■ Instructions to follow
Copy all the lines of the listing below exactly. Skip the images.

[Supplied entries — start]

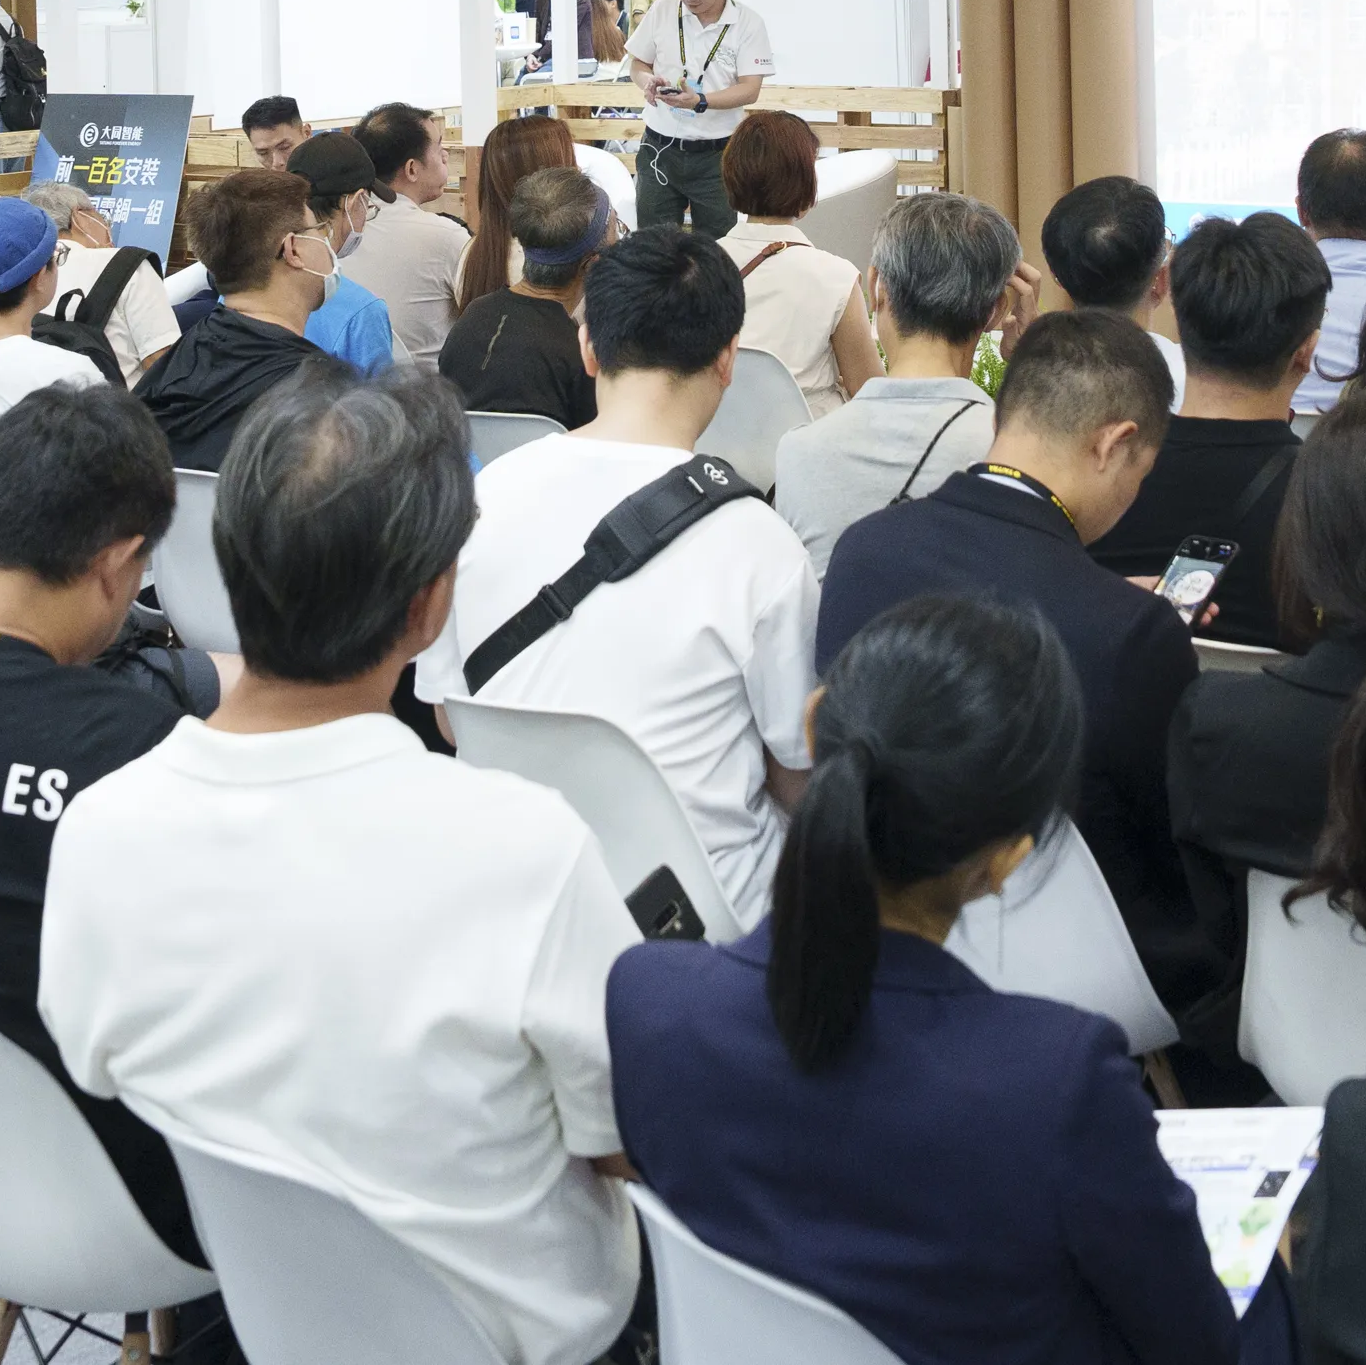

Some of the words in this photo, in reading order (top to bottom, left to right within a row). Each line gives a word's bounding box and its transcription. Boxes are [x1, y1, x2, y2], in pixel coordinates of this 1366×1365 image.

[100, 125, 144, 141] 大同智能
[54, 155, 161, 186] 前一百名安裝
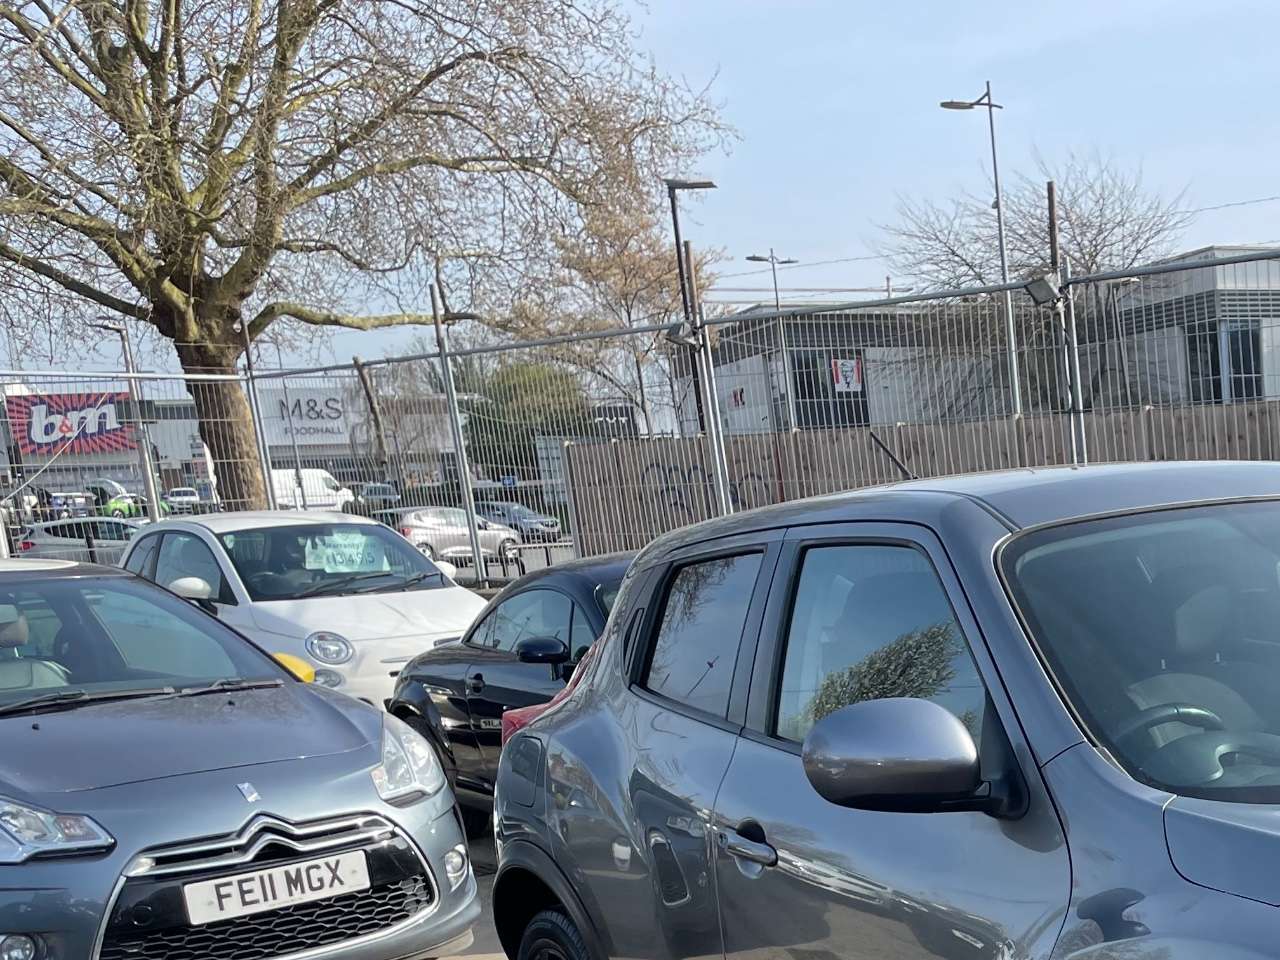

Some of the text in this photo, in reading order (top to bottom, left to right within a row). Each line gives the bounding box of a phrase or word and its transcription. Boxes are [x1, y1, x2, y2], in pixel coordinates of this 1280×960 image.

[30, 403, 122, 443] b&m
[279, 397, 342, 421] M&S
[213, 859, 345, 911] FE11 MGX
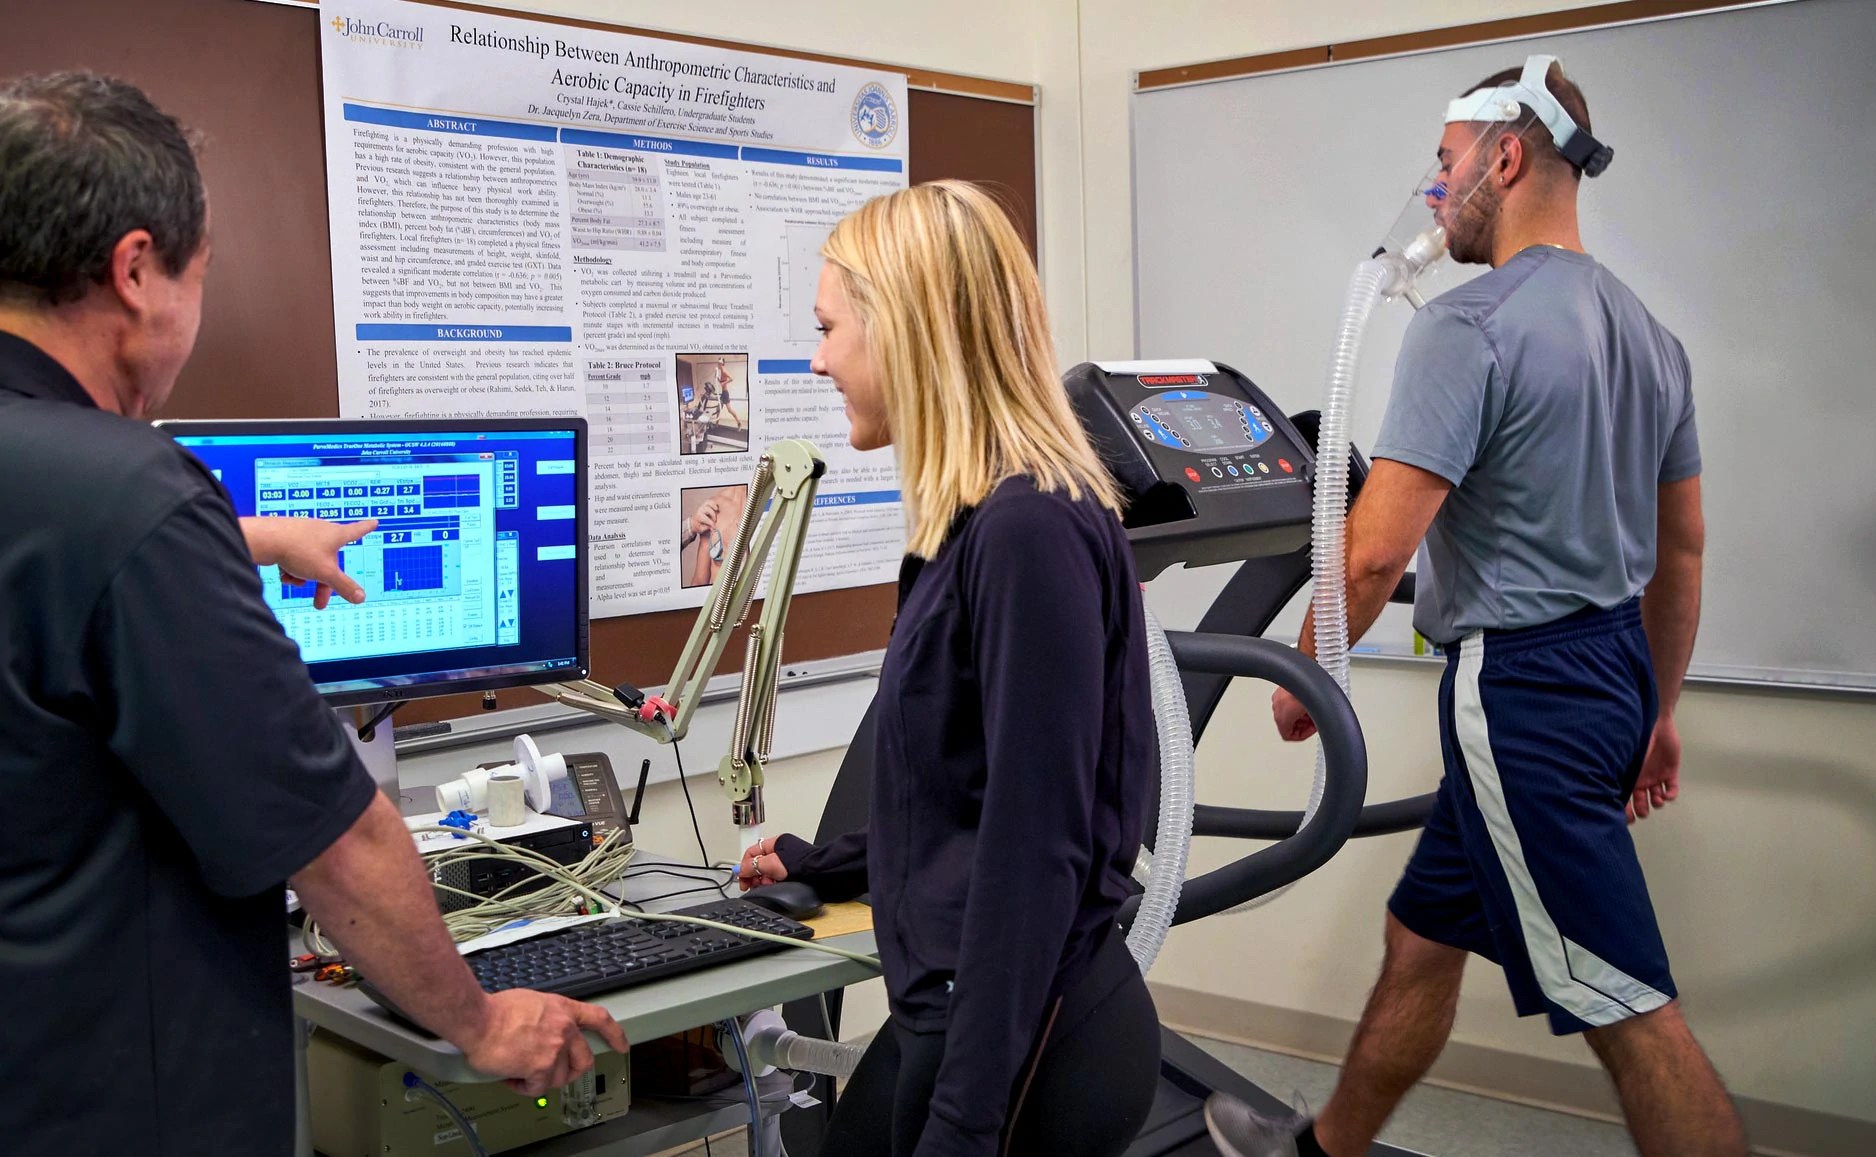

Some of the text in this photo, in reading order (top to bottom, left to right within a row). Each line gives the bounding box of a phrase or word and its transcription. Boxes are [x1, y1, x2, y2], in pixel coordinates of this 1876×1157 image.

[342, 18, 424, 42] John Carroll
[351, 35, 423, 50] UNIVERSITY
[450, 25, 835, 92] Relationship Between Anthropometric Characteristics and
[552, 68, 764, 109] Aerobic Capacity in Firefighters
[556, 93, 584, 105] Crystal
[616, 101, 641, 111] Cassie
[677, 107, 727, 121] Undergraduate
[727, 113, 755, 124] Students
[427, 120, 477, 132] ABSTRACT
[527, 104, 540, 114] Dr.
[541, 106, 580, 120] Jacquelyn
[582, 110, 601, 121] Zera,
[603, 113, 646, 125] Department
[656, 119, 686, 130] Exercise
[687, 122, 714, 132] Science
[714, 126, 728, 134] and
[728, 128, 749, 137] Sports
[749, 129, 773, 139] Studies
[353, 129, 389, 141] Firefighting
[412, 136, 442, 147] physically
[447, 139, 482, 150] demanding
[486, 143, 518, 151] profession
[540, 147, 554, 156] high
[633, 139, 672, 150] METHODS
[603, 152, 644, 163] Demographic
[806, 156, 838, 165] RESULTS
[664, 159, 710, 170] Study Population
[574, 256, 612, 264] Methodology
[382, 311, 403, 320] ability
[437, 328, 502, 337] BACKGROUND
[383, 348, 418, 357] prevalence
[432, 348, 466, 357] overweight
[484, 348, 505, 357] obesity
[546, 349, 571, 357] epidemic
[367, 373, 405, 383] firefighters
[475, 373, 497, 382] general
[498, 373, 531, 381] population,
[391, 531, 448, 542] 2.7 0
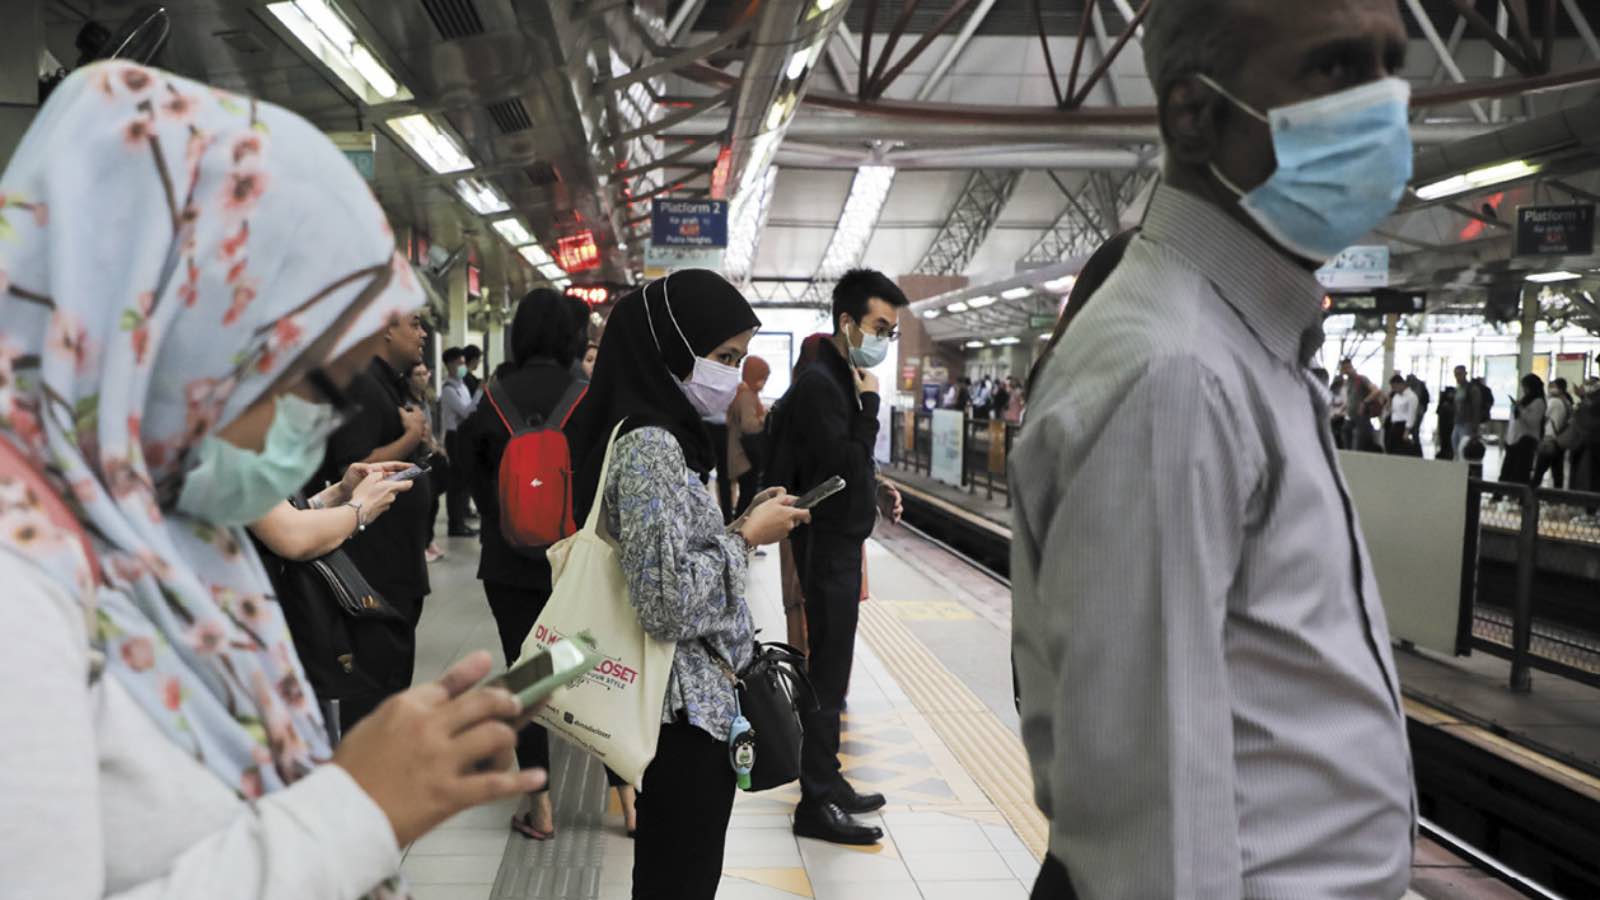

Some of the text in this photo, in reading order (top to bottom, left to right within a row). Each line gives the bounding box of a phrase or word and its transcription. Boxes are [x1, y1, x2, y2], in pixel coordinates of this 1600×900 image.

[660, 202, 720, 214] Platform 2
[1524, 210, 1587, 223] Platform 1
[535, 624, 549, 642] DI
[606, 677, 627, 690] STYLE

[Supplied entries — finish]

■ Answer to the problem
Some of the words in this photo, in reading order (top to bottom, left to right within a row). Each line gives a word's bounding box and its transcription. Boxes are [x1, y1, x2, y2], in pixel coordinates of this 1366×1365 image.

[100, 125, 144, 141] 大同智能
[54, 155, 161, 186] 前一百名安裝

Some of the text in this photo, in reading order (top to bottom, left to right within a row). Each line gives the bounding box of a phrase or word and its transcription. Boxes are [x1, y1, x2, y2], in pixel coordinates of this 1280×960 image.

[30, 403, 122, 443] b&m
[279, 397, 342, 421] M&S
[213, 859, 345, 911] FE11 MGX

Some of the text in this photo, in reading order (top to bottom, left to right within a row). Each line gives the bounding box of a phrase or word and its transcription. Boxes are [x1, y1, x2, y2], in pixel coordinates of this 1876×1157 image.

[342, 18, 424, 42] John Carroll
[351, 35, 423, 50] UNIVERSITY
[450, 25, 835, 92] Relationship Between Anthropometric Characteristics and
[552, 68, 764, 109] Aerobic Capacity in Firefighters
[556, 93, 584, 105] Crystal
[616, 101, 641, 111] Cassie
[677, 107, 727, 121] Undergraduate
[727, 113, 755, 124] Students
[427, 120, 477, 132] ABSTRACT
[527, 104, 540, 114] Dr.
[541, 106, 580, 120] Jacquelyn
[582, 110, 601, 121] Zera,
[603, 113, 646, 125] Department
[656, 119, 686, 130] Exercise
[687, 122, 714, 132] Science
[714, 126, 728, 134] and
[728, 128, 749, 137] Sports
[749, 129, 773, 139] Studies
[353, 129, 389, 141] Firefighting
[412, 136, 442, 147] physically
[447, 139, 482, 150] demanding
[486, 143, 518, 151] profession
[540, 147, 554, 156] high
[633, 139, 672, 150] METHODS
[603, 152, 644, 163] Demographic
[806, 156, 838, 165] RESULTS
[664, 159, 710, 170] Study Population
[574, 256, 612, 264] Methodology
[382, 311, 403, 320] ability
[437, 328, 502, 337] BACKGROUND
[383, 348, 418, 357] prevalence
[432, 348, 466, 357] overweight
[484, 348, 505, 357] obesity
[546, 349, 571, 357] epidemic
[367, 373, 405, 383] firefighters
[475, 373, 497, 382] general
[498, 373, 531, 381] population,
[391, 531, 448, 542] 2.7 0

Some of the text in this photo, in reading order (top to bottom, left to right within a row). Each line gives the bounding box of a phrase or word and its transcription. Boxes are [x1, y1, x2, y2], in pixel coordinates of this 1600×900 image.

[660, 202, 720, 214] Platform 2
[1524, 210, 1587, 223] Platform 1
[535, 624, 549, 642] DI
[606, 677, 627, 690] STYLE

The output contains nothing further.